Smoke again, from the Interior fires. The sun that eerie pink-gold when you can see it at all. And the world dry, dry. I was at my desk, finishing the first draft of a long essay on grief and music. I told John the reason why I am playing Bach partitas and sonatas for solo violin over and over again is because I need to understand the rhythm of the movements; they correspond with dances of the time. Well, they do, and they don’t. But I listen — Hilary Hahn, who recorded the partitas at the age of 17; Arnold Steinhardt, who recorded the particular partita I’m obsessed with these days twice, as a young man and as an older man, and I can’t say which I prefer (there is such depth and colour in both recordings); Lara St. John; Joshua Bell….In my essay, I am trying to replicate something of that stately music. Only the dancers are old and dying; they’re people for whom this music would have been as foreign as poetry; but they’re mine and somehow I believe they can dance an allemande or a gigue with the best of them.

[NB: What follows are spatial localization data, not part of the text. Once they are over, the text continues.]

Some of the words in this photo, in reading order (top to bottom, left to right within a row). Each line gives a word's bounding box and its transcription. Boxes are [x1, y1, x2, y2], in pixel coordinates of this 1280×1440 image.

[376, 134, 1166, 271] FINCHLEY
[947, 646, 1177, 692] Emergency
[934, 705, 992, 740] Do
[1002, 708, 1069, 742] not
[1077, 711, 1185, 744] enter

It’s my youngest grandchild’s birthday in two days and somehow the music reminds me of how rich my life is with him and his sister and his cousin in the world. We won’t be there to help him celebrate but I expect he will like the box I sent to him, filled with little gifts; he will no doubt like the paper and ribbons best. Though in time he will come to the books, the other things. And he will crawl and walk (unsteadily, maybe just a step at a time) in the grass, his beautiful face as expressive as any I’ve ever loved. Sometimes he dances. And he’s in the essay too.

beautiful henry

I’ve been thinking of poetry, of poems about families, and the one that comes to mind is Philip Levine’s gorgeous “Smoke”. Here’s a passage…

Go back to the beginning, you insist. Why
is the air filled with smoke? Simple. We had work.
Work was something that thrived on fire, that without
fire couldn’t catch its breath or hang on for life.

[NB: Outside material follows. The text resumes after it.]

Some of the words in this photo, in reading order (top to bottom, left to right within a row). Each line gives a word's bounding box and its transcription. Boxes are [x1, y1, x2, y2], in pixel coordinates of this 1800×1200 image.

He alludes in the poem to “the mythology of the family” and in an interview in The Atlantic in 1999, he explained what he meant: “When I speak of “the mythology” in that poem, I really mean a way of losing someone.” Which is exactly what I’m writing about in this essay on music and sorrow—in the smoke, in the heart-breaking Chaconne of Bach’s Partita No. 2 in D minor, the dance of the one(s) left behind, as the sun retreats from us, and we move into autumn.

4 thoughts on ““Work was something that thrived on fire””

  1. Oh, thank you, Theresa, for this poem. I didn’t know it. This:

    No, they aren’t dead, they’re just treated that way,
    as objects turned one way and then another
    to catch the light, the light overflowing with smoke.

    The poem, the dance, this post – all beautiful.

  2. Behind me the window is open on a chilly, sunny September morning–I’ve got wool socks on–with a city bus lumbering to the curb to let a parent and chattering child get off, yet reading these words takes me to your world of smoke and music, words, grief, and birthdays–and I so appreciate how the words transport me.

    1. Our season shifted quite literally overnight. Thursday night. On Thursday, I swam in the lake (later in the morning than usual!) and it was lovely and warm. Then rain on the roof — I woke to it, in the small hours, the most beautiful sound. Smoke gone (from here at least, though I know fires still burn all over the province), frogs singing, the light changing, and the small boy in Edmonton now officially 2 (though in that photo he was turning 1). Time for Bach again, time for morning fires in the woodstove, and if not quite time for wool socks, they’re waiting.